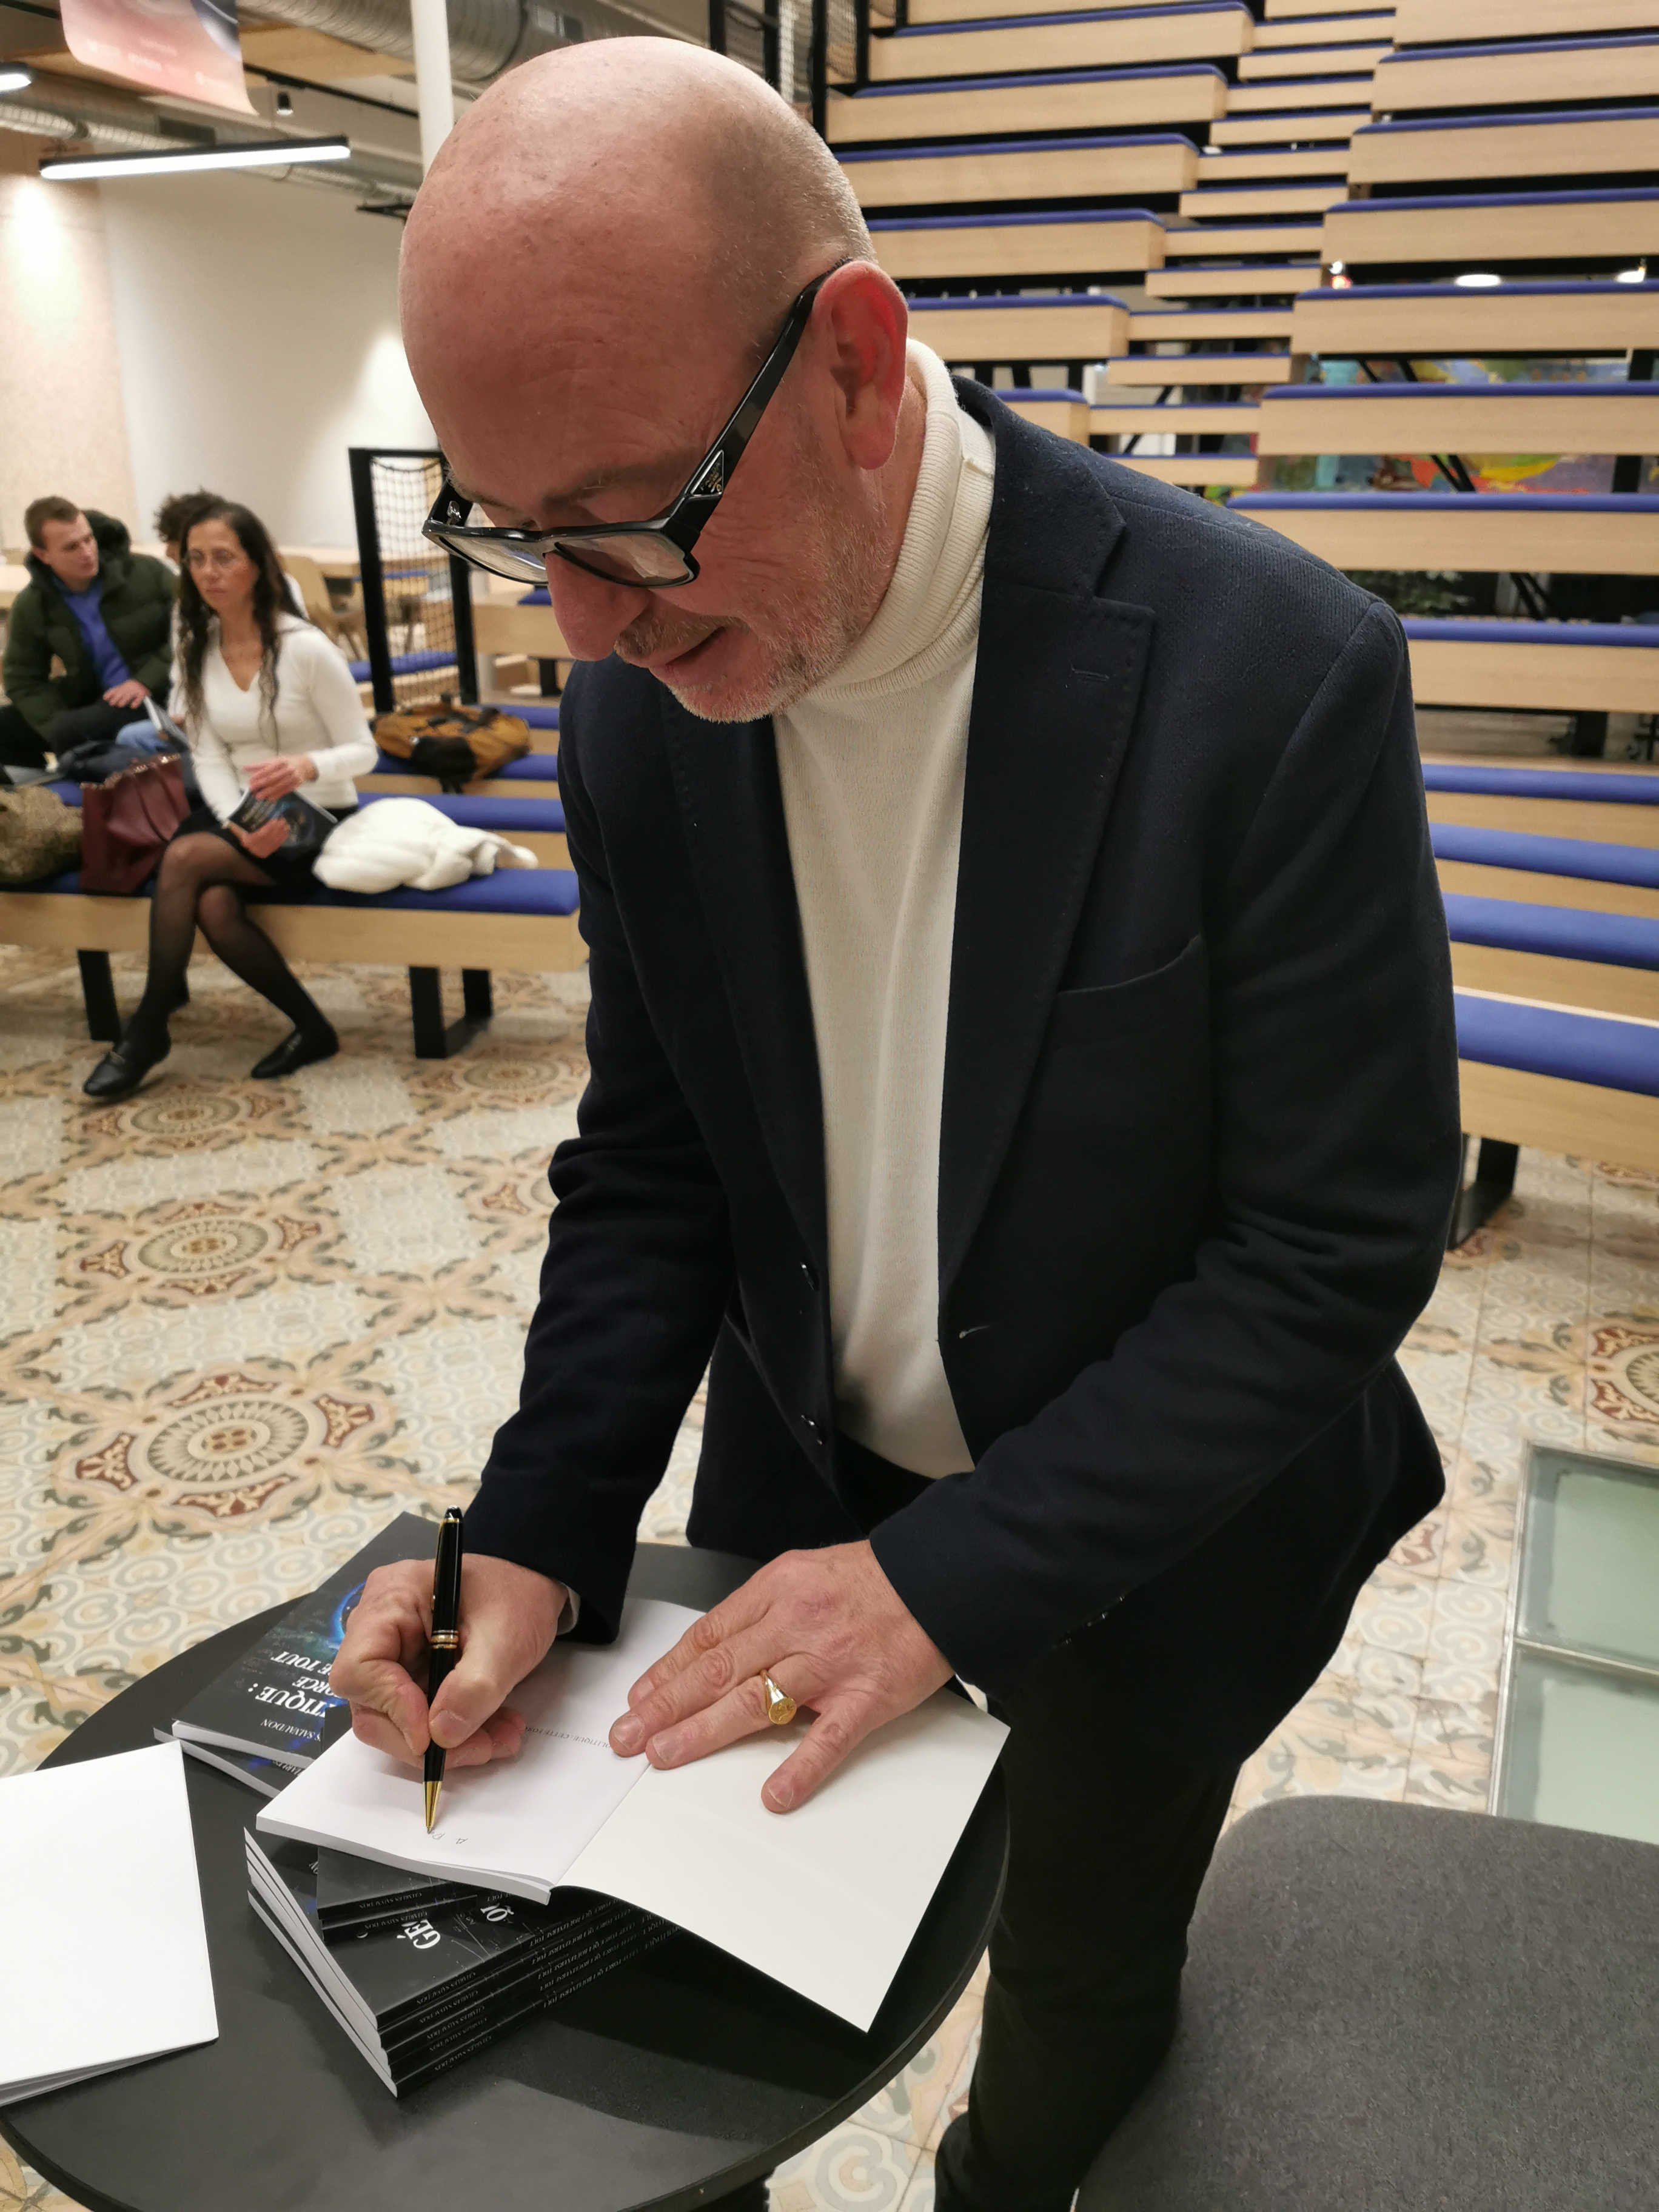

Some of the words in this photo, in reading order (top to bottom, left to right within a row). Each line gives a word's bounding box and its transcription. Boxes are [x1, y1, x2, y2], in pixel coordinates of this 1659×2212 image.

[271, 1651, 321, 1672] TOUT
[255, 1686, 329, 1718] TIQUE
[261, 1718, 313, 1740] SALVAUDON
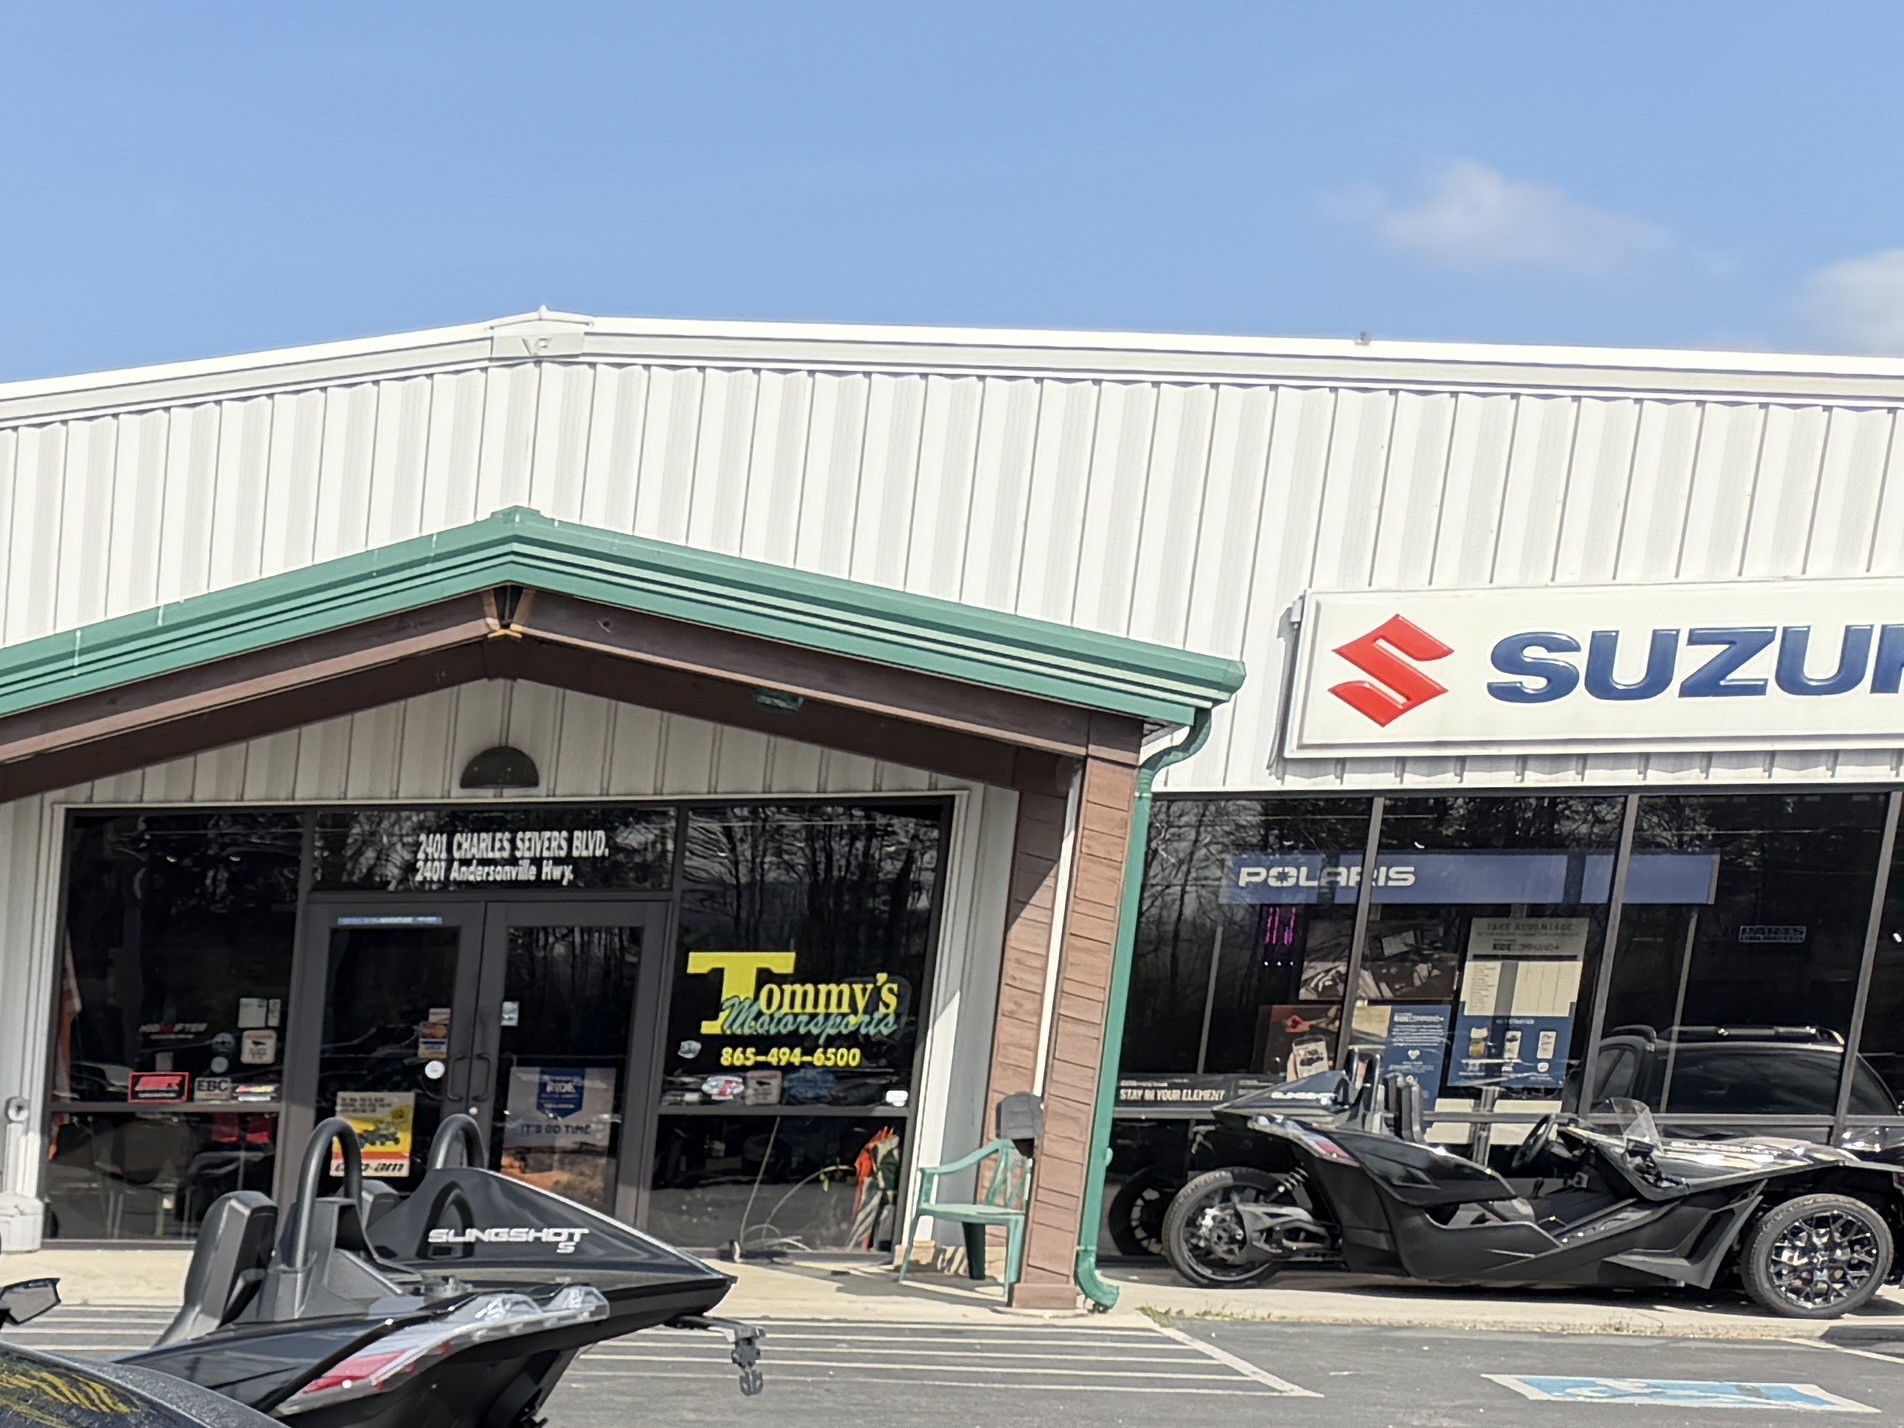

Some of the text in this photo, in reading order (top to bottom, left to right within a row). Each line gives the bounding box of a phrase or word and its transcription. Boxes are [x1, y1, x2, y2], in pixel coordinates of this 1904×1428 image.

----

-- YOUR OBJECTIVE --
Your copy of the entries should be exact and free of pictures.

-- TASK SOLUTION --
Some of the words in this photo, in reading order (top to bottom, left to right within a row). Each line gives a word's bounding box and its transcription. Boxes are [x1, y1, x2, y2], in pixel coordinates of this 1659×2212 image.

[271, 1651, 321, 1672] TOUT
[255, 1686, 329, 1718] TIQUE
[261, 1718, 313, 1740] SALVAUDON

Some of the text in this photo, in reading order (top to bottom, left to right within a row). Each line gives the bounding box of a phrase or word and its transcription. Boxes are [x1, y1, x2, y2], in pixel coordinates of this 1904×1428 image.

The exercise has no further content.